Proximal and distal maximal luminal diameters as a guide to appropriate deployment of the ABSORB everolimus‐eluting bioresorbable vascular scaffold

Abstract

Due to the limited distensibility of the everolimus-eluting bioresorbable vascular scaffold (ABSORB) compared to metallic platform stents, quantitative coronary arteriography (QCA) is a mandatory requirement for ABSORB deployment in the on-going ABSORB EXTEND Single-Arm Study. Visual assessment of vessel size in the ABSORB Cohort B study often lead to under and over-sizing of the 3 mm ABSORB in coronary vessels (recommended range of the vessel diameter ≥ 2.5 mm and ≤ 3.3 mm), with an increased risk of spontaneous incomplete scaffold apposition post ABSORB deployment.
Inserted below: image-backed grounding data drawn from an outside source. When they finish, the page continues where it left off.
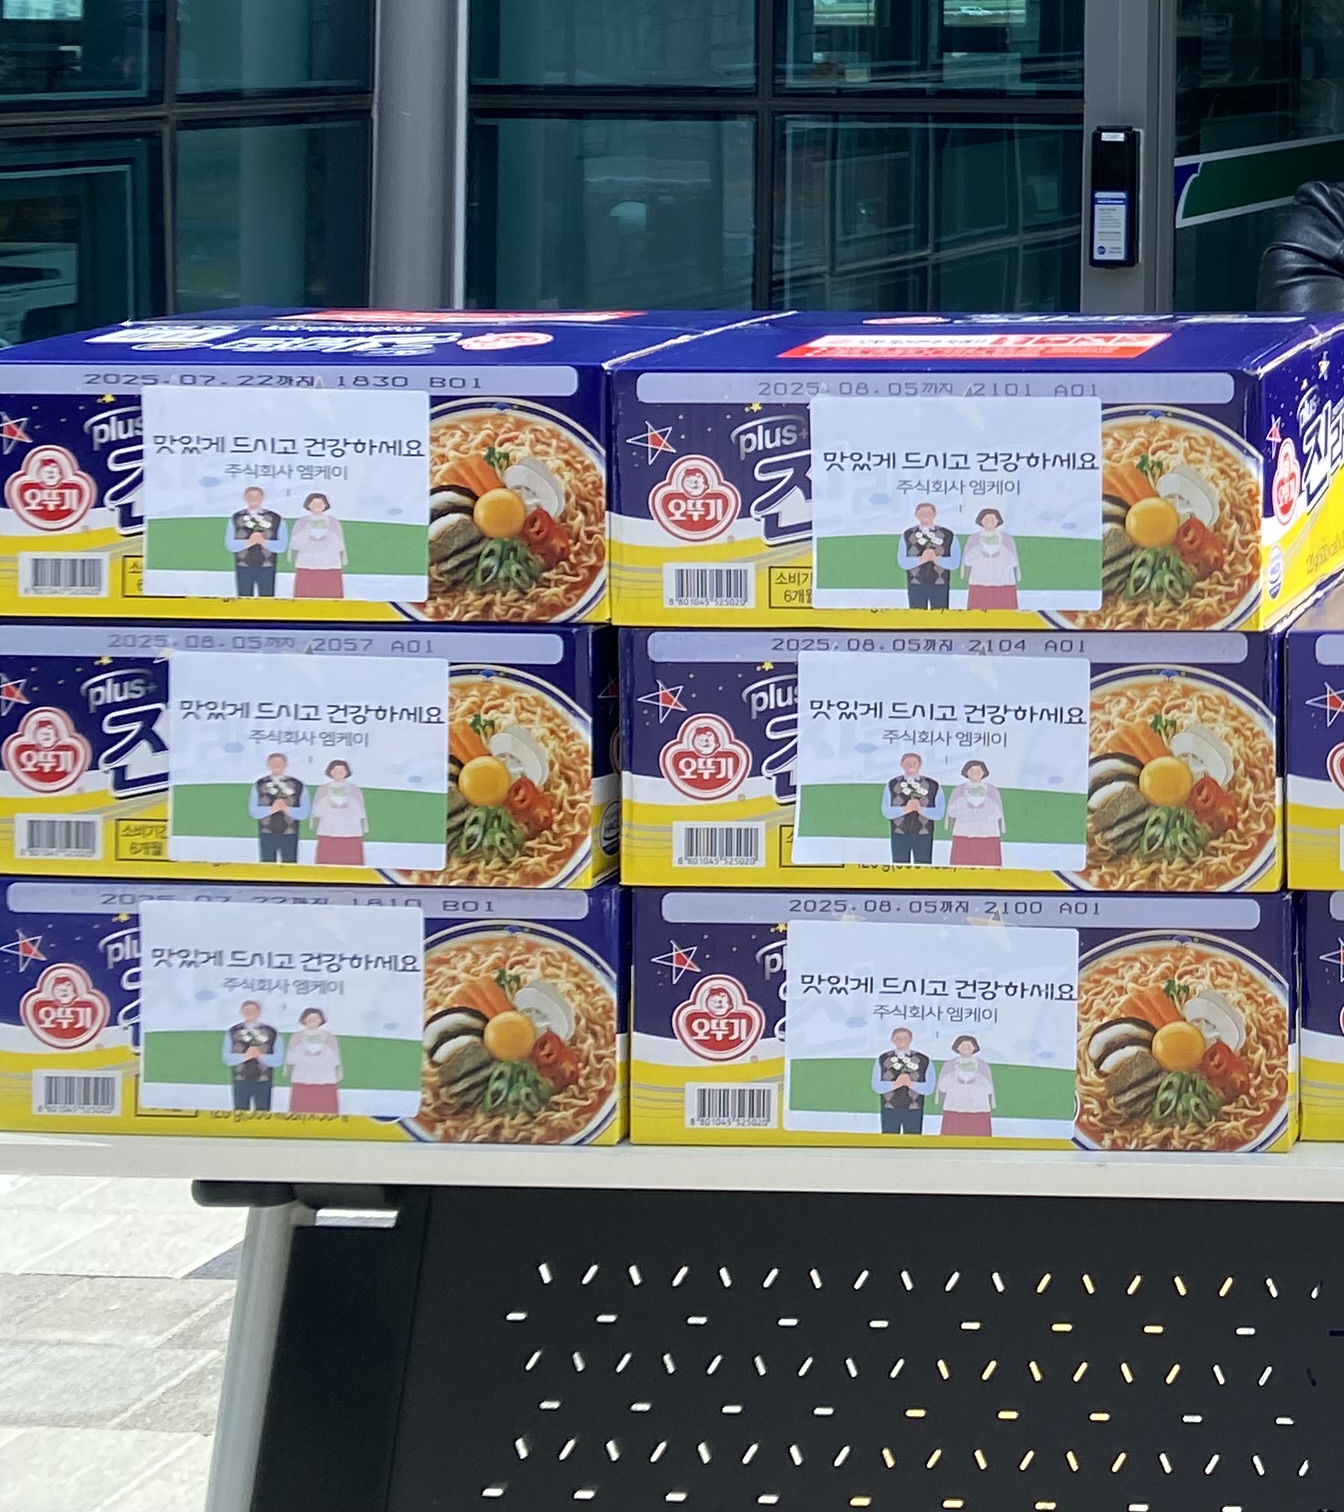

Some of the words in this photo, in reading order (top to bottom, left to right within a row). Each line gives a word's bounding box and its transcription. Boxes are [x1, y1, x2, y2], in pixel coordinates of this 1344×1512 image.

[335, 374, 409, 389] 1830
[429, 375, 482, 389] B01
[973, 381, 1033, 397] 2101
[1053, 382, 1099, 397] A01
[152, 433, 226, 457] 맛있게
[231, 436, 298, 457] 드시고
[303, 436, 426, 459] 건강하세요
[224, 463, 293, 481] 주식회사
[296, 464, 348, 481] 엠케이
[822, 449, 898, 474] 맛있게
[901, 450, 971, 474] 드시고
[976, 450, 1101, 474] 건강하세요
[896, 478, 966, 497] 주식회사
[968, 478, 1022, 497] 엠케이
[22, 485, 80, 513] 오뚜기
[666, 496, 724, 524] 오뚜기
[311, 637, 373, 653] 2057
[391, 639, 433, 654] A01
[967, 637, 1027, 654] 2104
[1043, 638, 1086, 654] A01
[180, 700, 250, 721] 맛있게
[254, 702, 322, 724] 드시고
[326, 704, 446, 726] 건강하세요
[809, 699, 884, 724] 맛있게
[888, 701, 958, 724] 드시고
[963, 703, 1087, 727] 건강하세요
[247, 728, 316, 747] 주식회사
[319, 730, 370, 748] 엠케이
[882, 730, 952, 747] 주식회사
[955, 730, 1008, 749] 엠케이
[19, 751, 75, 773] 오뚜기
[677, 756, 734, 780] 오뚜기
[442, 900, 496, 914] B01
[789, 899, 970, 915] 2025.08.05까지
[984, 900, 1043, 916] 2100
[1058, 901, 1100, 917] A01
[150, 947, 224, 970] 맛있게
[229, 948, 295, 971] 드시고
[299, 951, 420, 974] 건강하세요
[222, 976, 291, 994] 주식회사
[292, 978, 346, 996] 엠케이
[799, 973, 875, 998] 맛있게
[877, 975, 947, 999] 드시고
[953, 978, 1078, 1002] 건강하세요
[38, 1006, 94, 1031] 오뚜기
[871, 1002, 943, 1022] 주식회사
[945, 1005, 999, 1024] 엠케이
[690, 1018, 748, 1042] 오뚜기
We report whether mandatory QCA assessment of vessel size pre-implantation, utilizing the maximal luminal diameter (Dmax) and established interpolated reference vessel diameter (RVD) measurements, has improved device/vessel sizing. Pre-implantation post-hoc QCA analyses of all 101 patients from ABSORB Cohort B (102 lesions) and first consecutive 101 patients (108 lesions) from ABSORB EXTEND were undertaken by an independent core-laboratory; all patients had a 3 mm ABSORB implanted. Comparative analyses were performed. Within ABSORB Cohort B, a greater number of over-sized vessels (> 3.3 mm) were identified utilizing the Dmax compared to the interpolated RVD (17 vessels, 16.7% vs. 3 vessels, 2.9%; P = 0.002). Comparative analyses demonstrated a greater number of appropriate vessel-size selection (75 vessels, 69.4% vs. 48 vessels, 47.1%; P = 0.001), a trend towards a reduction in implantation in small (< 2.5 mm) vessels (29 vessels, 26.9% vs. 40 vessels, 39.2%; P = 0.057) and a significant decrease in the implantation in large (> 3.3 mm) vessels (4 vessels, 3.7% vs. 17 vessels, 16.7%; P = 0.002) in ABSORB EXTEND. Bland-Altman plots suggested a good agreement between operator and core-laboratory calculated Dmax measurements. The introduction of mandatory Dmax measurements of vessel size prior to ABSORB implantation significantly reduced the under-sizing of the 3.0 mm scaffold in large vessels validating the use of this technique in vessel sizing prior to ABSORB implantation.